Dans la plupart des pays, la croissance de la productivité dans le secteur manufacturier est en baisse. Les ordinateurs n ’ont pas arrêté cette tendance.

Je dois noter ici, entre parenthèses, que, dans mon livre, j ’essaie de détourner le débat de l’utilisation du taux de chômage comme mesure d’une faible demande de travail. Au lieu de cela, j ’utilise le terme plus général de « faible demande de main-d’œuvre », qui n’est pas vraiment vendeur, mais qui constitue un correctif crucial. Au cours des 40 dernières années, les États ont supprimé un grand nombre de protections des travailleurs sur le marché du travail (ou, dans le Sud, n’ont pas mis en place de telles protections), obligeant les travailleurs qui viennent d’entrer sur le marché du travail ou qui ont perdu leur emploi à trouver du travail aussi rapidement que possible. Même lorsqu ’ils trouvent un emploi — et ne sont donc plus techniquement au chômage — la plupart des travailleurs dans le monde sont toujours soumis à une grave perte d’autonomie, ou de pouvoir de négociation sur le lieu de travail, liée à une faible demande de main-d’œuvre à l’échelle de l’économie.

La preuve réside dans tout ce que les théoriciens de l’automatisation nomment : la stagnation des salaires, la diminution de la part du travail dans les revenus, l’augmentation des inégalités et la prolifération des « mauvais emplois ». Je finis par affirmer que 45 années de stagnation économique et de repli de l’État-providence, plutôt que l’automatisation des lieux de travail, sont les forces à l’origine du grave problème mondial de l’emploi. Ce problème est bien antérieur aux récentes innovations technologiques. Mon livre explique pourquoi l’histoire des théoriciens de l’automatisation concernant la faible demande de main-d’œuvre est incorrecte, mais souligne la nécessité d’imaginer des solutions transformatrices similaires au problème de la sous-utilisation de la main-d’œuvre dans le monde. J ’y explique de quelle façon nous pouvons obtenir un monde tel que le souhaitent les théoriciens de l’automatisation, sans avoir besoin d’automatisation : en réorganisant et en redistribuant le travail qui reste à faire.

Du coup, un avenir sans travail est une fantaisie de milliardaires en Californie ?

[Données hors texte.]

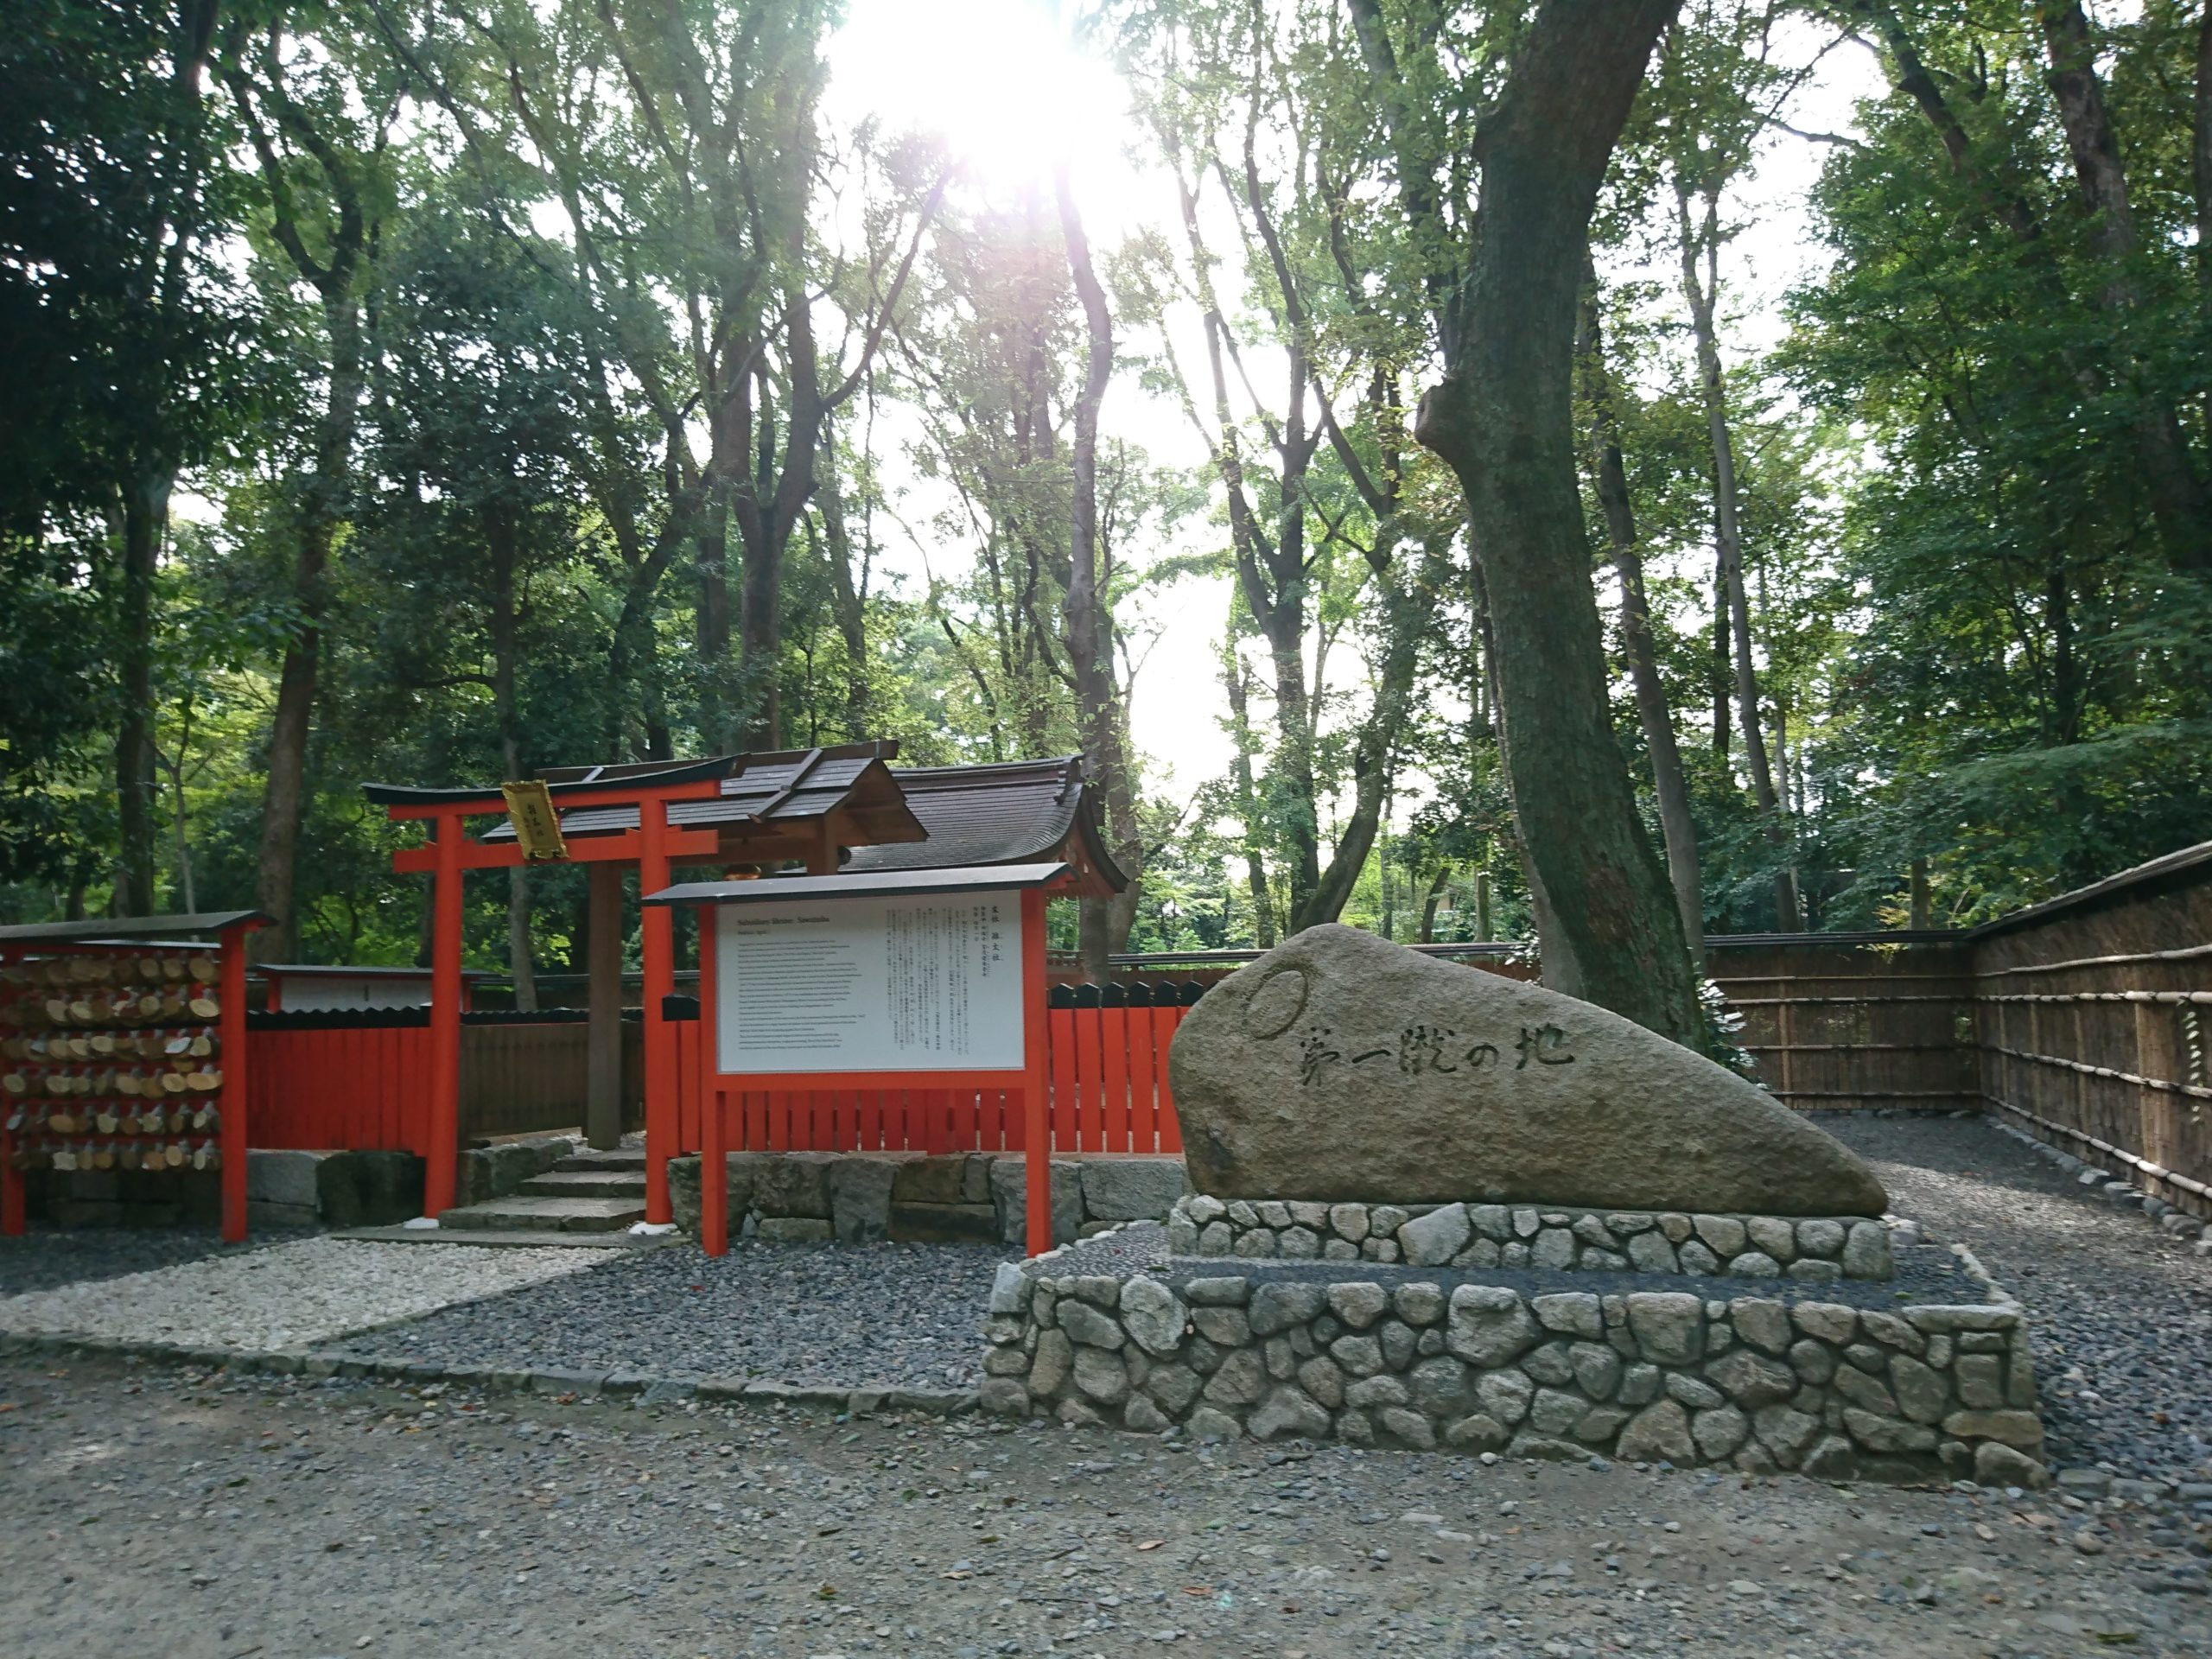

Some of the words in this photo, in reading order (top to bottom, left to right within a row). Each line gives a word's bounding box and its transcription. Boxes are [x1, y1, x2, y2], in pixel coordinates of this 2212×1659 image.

[1299, 1022, 1575, 1087] 第一蹴の地
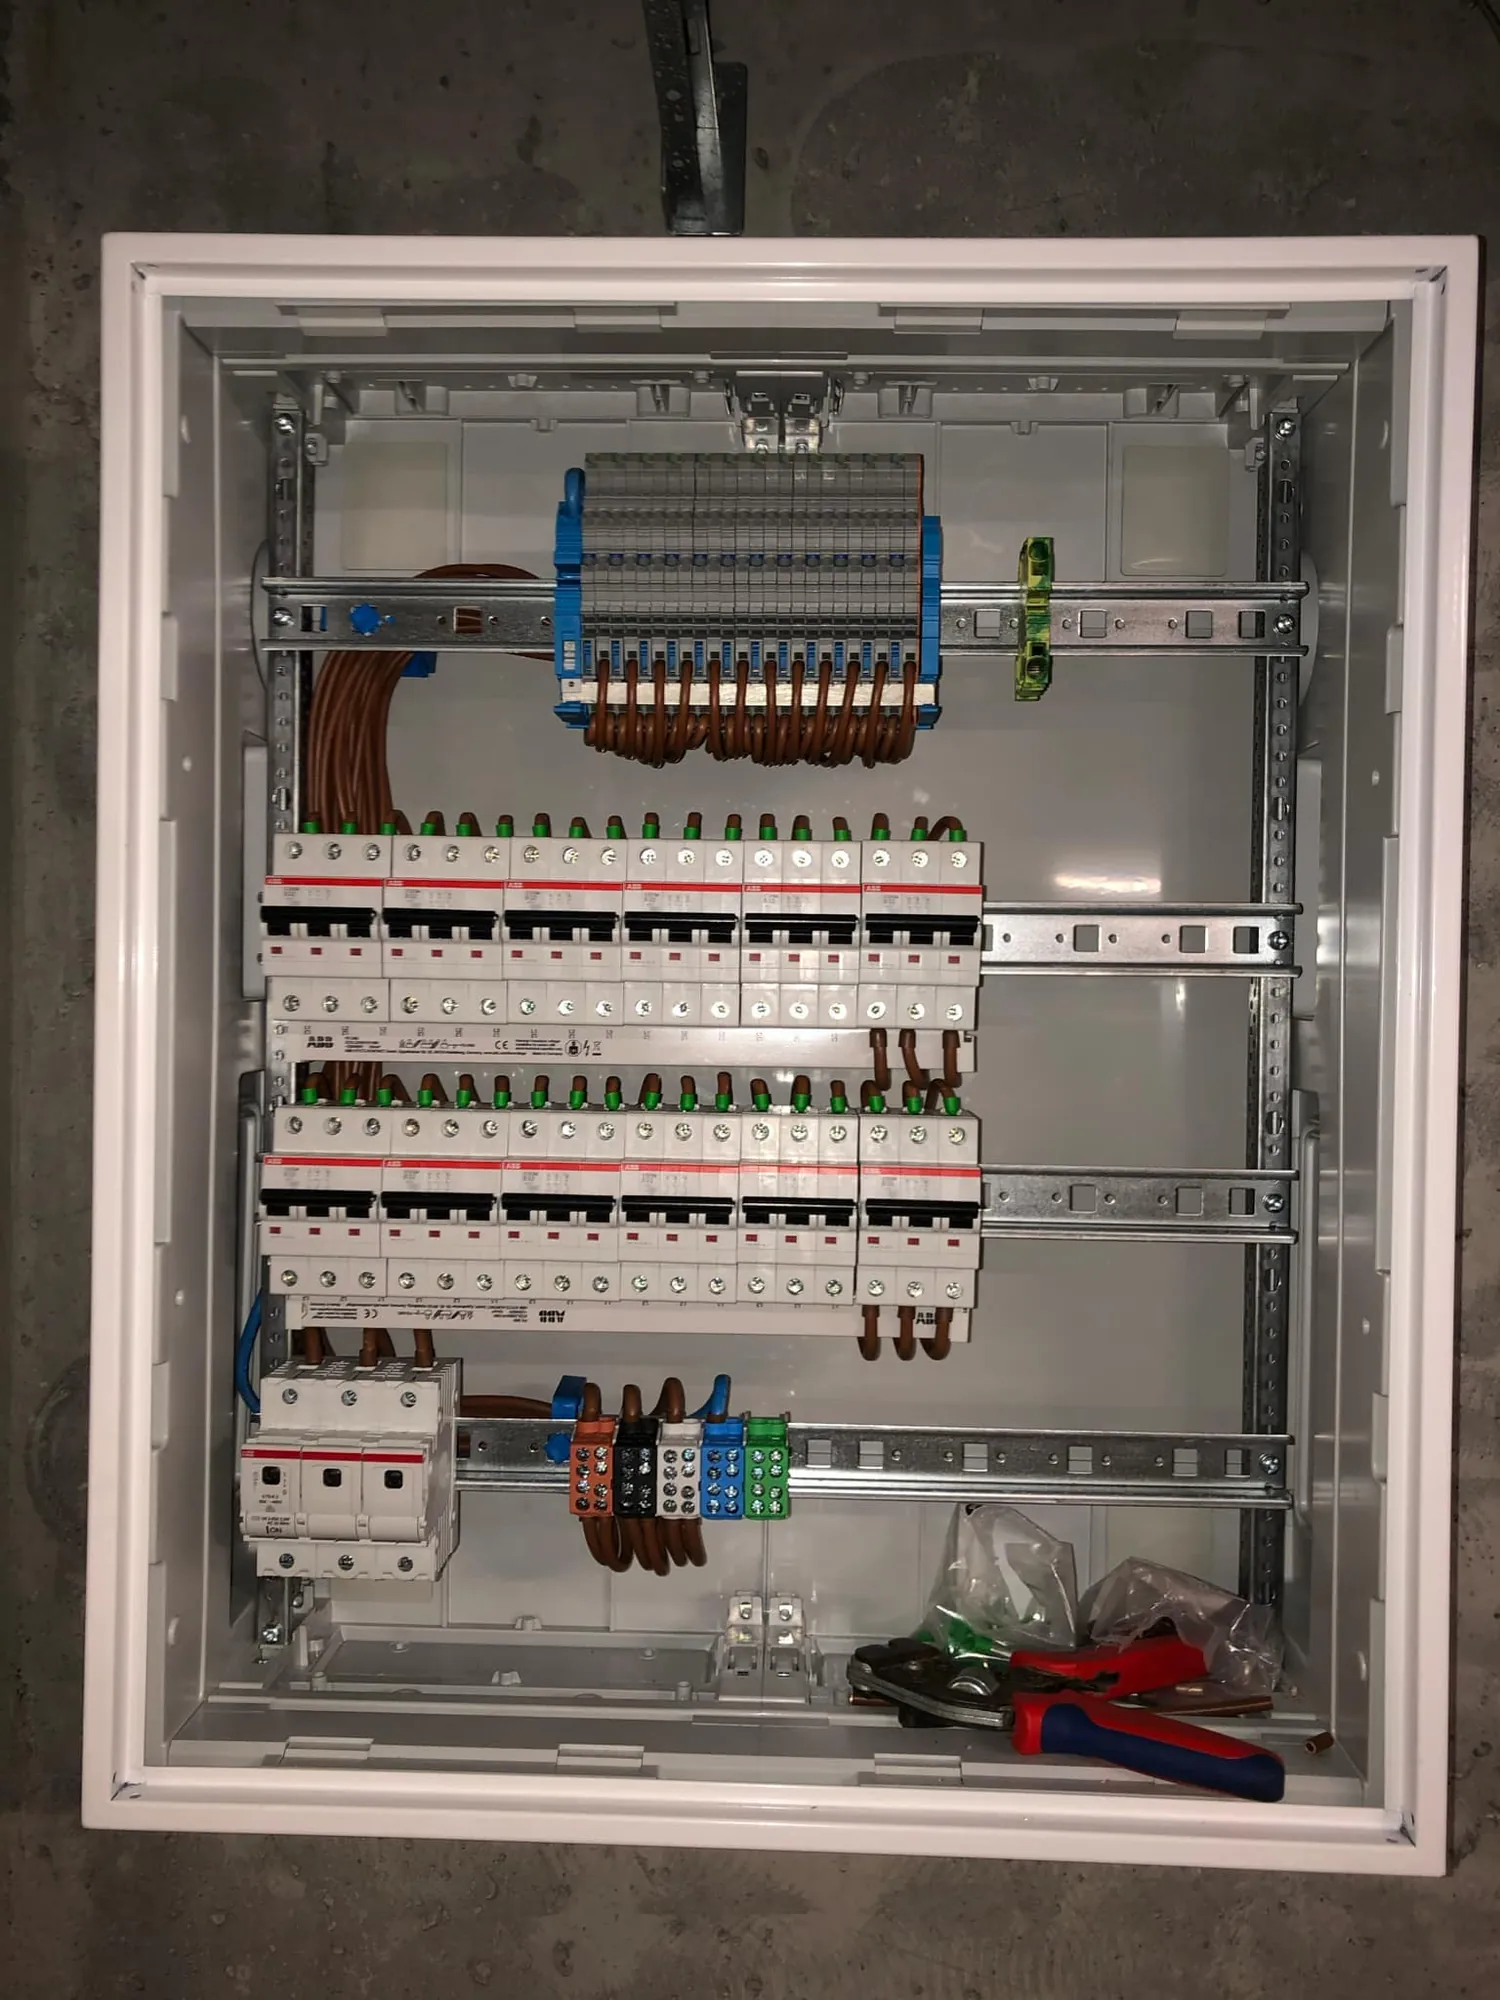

Oui, l’attrait de ce fantasme pour les milliardaires de la Silicon Valley est facile à expliquer. N’oubliez pas qu’ils essaient de nous vendre quelque chose ! Ils exagèrent donc ce que les technologies actuelles peuvent faire en attirant notre attention sur ce que les technologies futures pourraient un jour être capables d’accomplir. Bien sûr, si ces milliardaires parviennent à nous faire adhérer à l’idée d’un avenir sans travail, nous prêterons moins attention au sort des travailleurs précaires qui peuplent l’économie numérique. Si nous croyons que ces travailleurs sont sur le point de perdre leur emploi, nous sommes moins susceptibles de faire l’effort d’essayer d’améliorer leurs conditions de travail.

Je pense qu’il est cependant important de noter que le fantasme d’un futur sans travail attire beaucoup d’autres personnes, y compris les politiciens, les dirigeants syndicaux et les chercheurs. Ce discours optimiste sur l’automation suggère que les fondamentaux de l’économie sont sains — que l’économie croît rapidement — et que les principaux problèmes de la société concernent la juste répartition des revenus et des opportunités, plutôt que la réorganisation de la production économique. Cette histoire d’abondance technologique nous distrait du désarroi social qui a suivi la désindustrialisation, le ralentissement économique à long terme et des décennies de mesures d’austérité gouvernementales.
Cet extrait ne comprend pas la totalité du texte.